“Con l’attesa firma dell’accordo sul cessate il fuoco tra Israele ed Hamas, nei prossimi giorni i rivoluzionari da caffè torneranno a giocare a backgammon, a fumare il narghilé ed a scambiarsi consigli sul modo di emigrare negli Stati Uniti ed in Gran Bretagna, che hanno maledetto nelle settimane appena trascorse”. A pronunciare queste sarcastiche frasi nei confronti della dirigenza di Hamas non è un giornale israeliano, ma il quotidiano saudita “Okaz”, un giornale a larga diffusione. L’articolo continua così: “Khaled Meshal, Ismail Haniyeh e Moussa Abu Marzouk riemergeranno dai loro hotel nella regione, dichiarando una vittoria divina. Competeranno con Sinwar temendo che possa rubargli la scena.
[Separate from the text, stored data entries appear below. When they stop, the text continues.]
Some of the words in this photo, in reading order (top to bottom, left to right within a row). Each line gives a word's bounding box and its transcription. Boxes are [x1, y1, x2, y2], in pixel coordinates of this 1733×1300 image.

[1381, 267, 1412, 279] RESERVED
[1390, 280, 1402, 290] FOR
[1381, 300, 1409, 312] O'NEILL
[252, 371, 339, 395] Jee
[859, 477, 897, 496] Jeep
Sinwar invece emergerà dal suo bunker portato a spalla dai suoi parenti che lo proteggono dalla rabbia degli abitanti di Gaza che hanno perso i loro cari, la casa e la sicurezza per la propria vita, a causa della follia del 7 ottobre. I suoi sostenitori lo porteranno sulle loro robuste spalle, dopo che la popolazione di Gaza ha trasportato 30.000 cadaveri sulle proprie fragili spalle.”
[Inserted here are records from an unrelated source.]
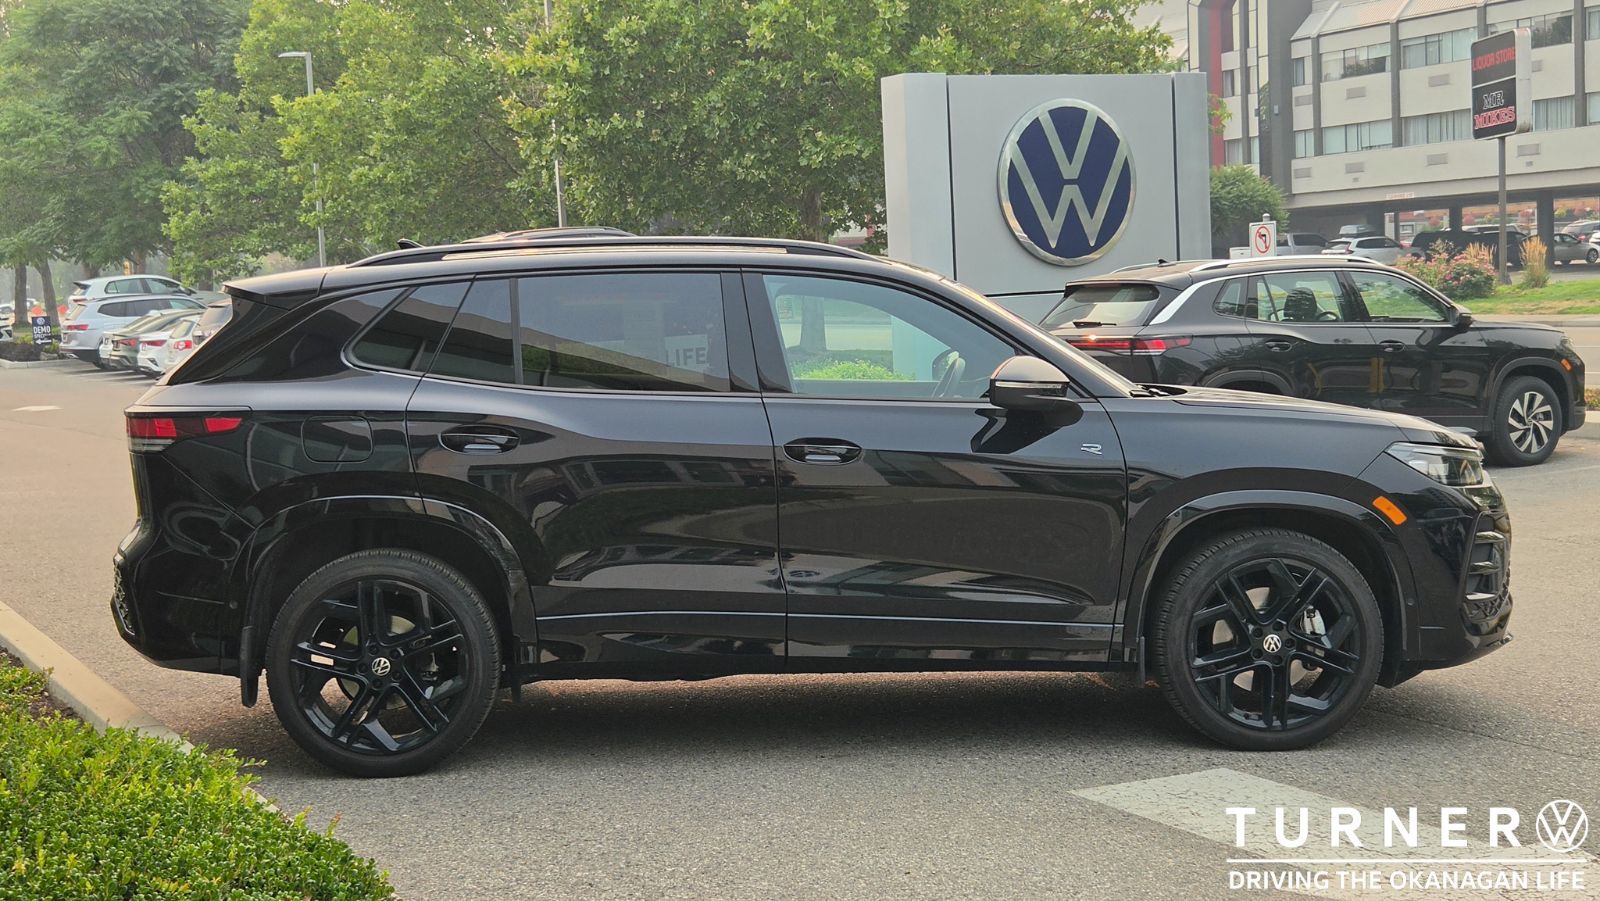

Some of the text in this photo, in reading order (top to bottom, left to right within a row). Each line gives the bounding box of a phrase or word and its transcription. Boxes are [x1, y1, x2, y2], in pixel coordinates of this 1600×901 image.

[1473, 53, 1495, 70] LIQUOR
[1483, 90, 1504, 109] MR
[1474, 106, 1516, 129] MIKES
[33, 325, 51, 334] DEMO
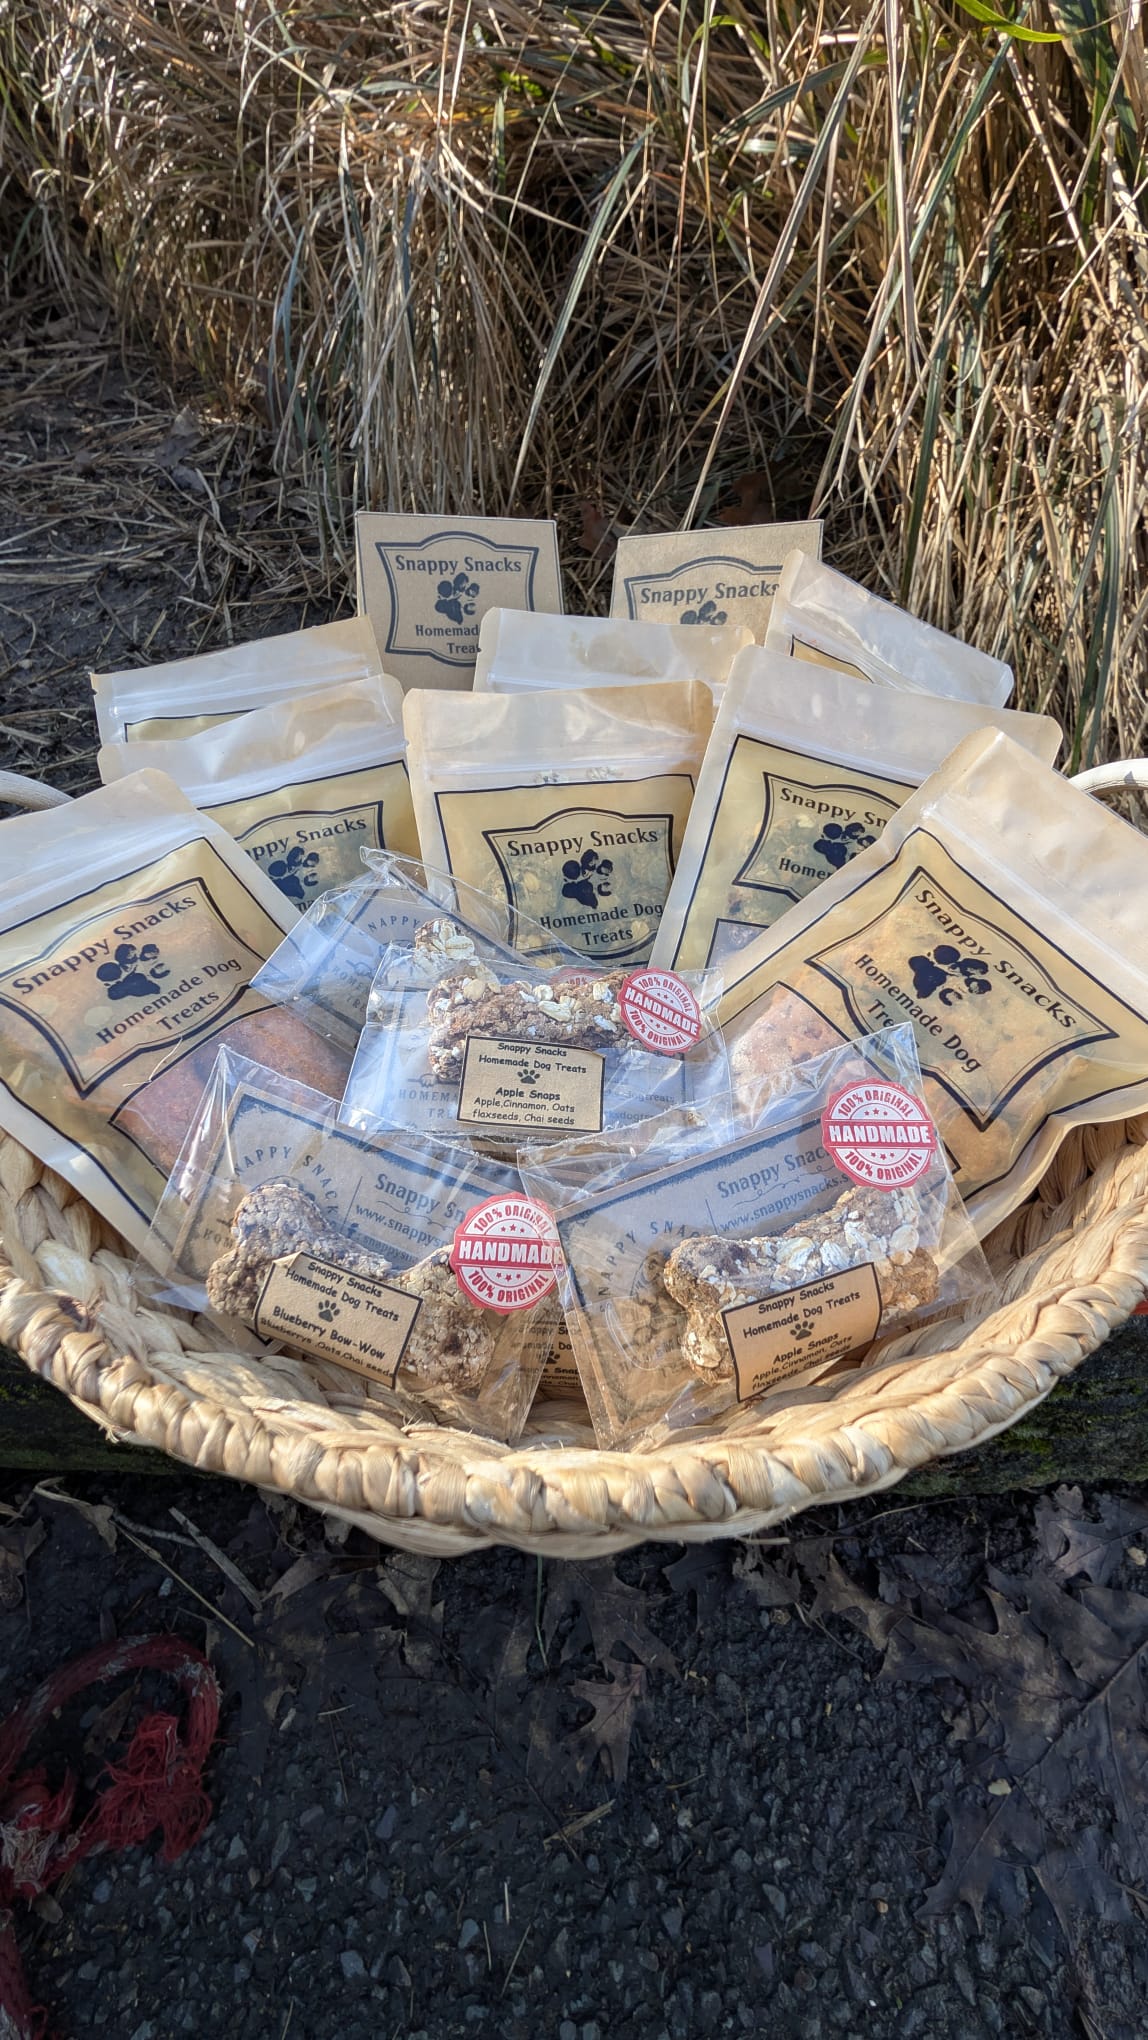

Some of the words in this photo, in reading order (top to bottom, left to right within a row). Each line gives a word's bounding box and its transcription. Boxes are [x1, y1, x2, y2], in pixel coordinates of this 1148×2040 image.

[395, 555, 458, 575] Snappy
[464, 556, 522, 572] Snacks
[641, 587, 708, 605] Snappy
[415, 624, 480, 637] Homemad
[780, 787, 857, 822] Snappy
[296, 818, 367, 844] Snacks
[507, 836, 583, 856] Snappy
[590, 827, 658, 847] Snacks
[367, 915, 421, 932] NAPPY
[540, 906, 629, 930] Homemade
[633, 903, 664, 919] Dog
[12, 938, 110, 995] Snappy
[113, 896, 197, 940] Snacks
[581, 929, 634, 946] Treats
[914, 889, 993, 957] Snappy
[993, 960, 1078, 1029] Snacks
[96, 973, 202, 1045] Homemade
[201, 958, 243, 979] Dog
[638, 976, 661, 990] 100%
[663, 979, 693, 1013] ORIGINAL
[156, 991, 220, 1032] Treats
[624, 986, 700, 1036] HANDMADE
[854, 953, 944, 1037] Homemade
[943, 1033, 983, 1074] Dog
[629, 1010, 647, 1034] 100%
[647, 1031, 687, 1046] ORIGINAL
[478, 1054, 529, 1068] Homemade
[533, 1060, 552, 1071] Dog
[555, 1062, 587, 1074] Treats
[497, 1042, 532, 1055] Snappy
[534, 1046, 568, 1057] Snacks
[495, 1087, 525, 1098] Apple
[528, 1090, 561, 1102] Snaps
[552, 1103, 575, 1113] Oats
[838, 1092, 864, 1117] 100%
[865, 1090, 914, 1118] ORIGINAL
[472, 1109, 521, 1121] flaxseeds,
[524, 1113, 544, 1123] Chai
[547, 1116, 575, 1125] seeds
[828, 1125, 931, 1144] HANDMADE
[716, 1163, 780, 1199] Snappy
[783, 1146, 830, 1172] Snac
[844, 1151, 873, 1178] 100%
[876, 1153, 922, 1181] ORIGINAL
[375, 1173, 441, 1214] Snappy
[720, 1173, 850, 1232] www.snappysnacks.s
[474, 1207, 503, 1232] 100%
[504, 1205, 552, 1236] ORIGINAL
[459, 1240, 563, 1265] HANDMADE
[285, 1268, 338, 1298] Homemade
[341, 1291, 361, 1309] Dog
[365, 1300, 400, 1322] Treats
[308, 1261, 344, 1284] Snappy
[346, 1278, 383, 1298] Snacks
[468, 1270, 496, 1299] 100%
[497, 1274, 549, 1303] ORIGINAL
[758, 1296, 795, 1314] Snappy
[800, 1281, 835, 1301] Snacks
[743, 1312, 799, 1338] Homemade
[803, 1305, 823, 1319] Dog
[826, 1291, 860, 1310] Treats
[272, 1305, 327, 1337] Blueberry
[330, 1329, 386, 1360] Bow-Wow
[558, 1341, 573, 1350] Do
[830, 1335, 852, 1349] Oats
[773, 1347, 803, 1365] Apple
[807, 1333, 839, 1351] Snaps
Desta scalpore che un tale attacco frontale provenga da un Paese arabo autoritario che deve fare i conti con un’opinione pubblica arrabbiata e dove il controllo su ciò che la stampa può scrivere è serrato. Sono di interesse le critiche che l’articolo ha immediatamente suscitato da parte di alcuni lettori nel mondo arabo. L’articolo è stato immediatamente etichettato da alcuni come “sionista”; altri hanno detto che: “questo articolo incoraggia Israele ad uccidere ancora più donne e bambini palestinesi”. Alla base di queste critiche c’è la classica forma mentis che ha fin qui dominato il dibattito sulla “questione palestinese” nel mondo arabo (e non solo): Israele è il nemico e quindi nulla può essere detto contro che si batte contro Israele, qualsiasi cosa faccia. L’articolo di “Okaz” fa strame di questo modo di pensare, definendo quanto accade in un’ottica per nulla ideologica ed invece molto pratica: quello che vediamo è il frutto delle azioni di un gruppo di benestanti invasati che, fregandosene totalmente del benessere del popolo di Gaza, intraprende folli azioni destinate alla sconfitta, che però verrà inevitabilmente fatta passare per una vittoria.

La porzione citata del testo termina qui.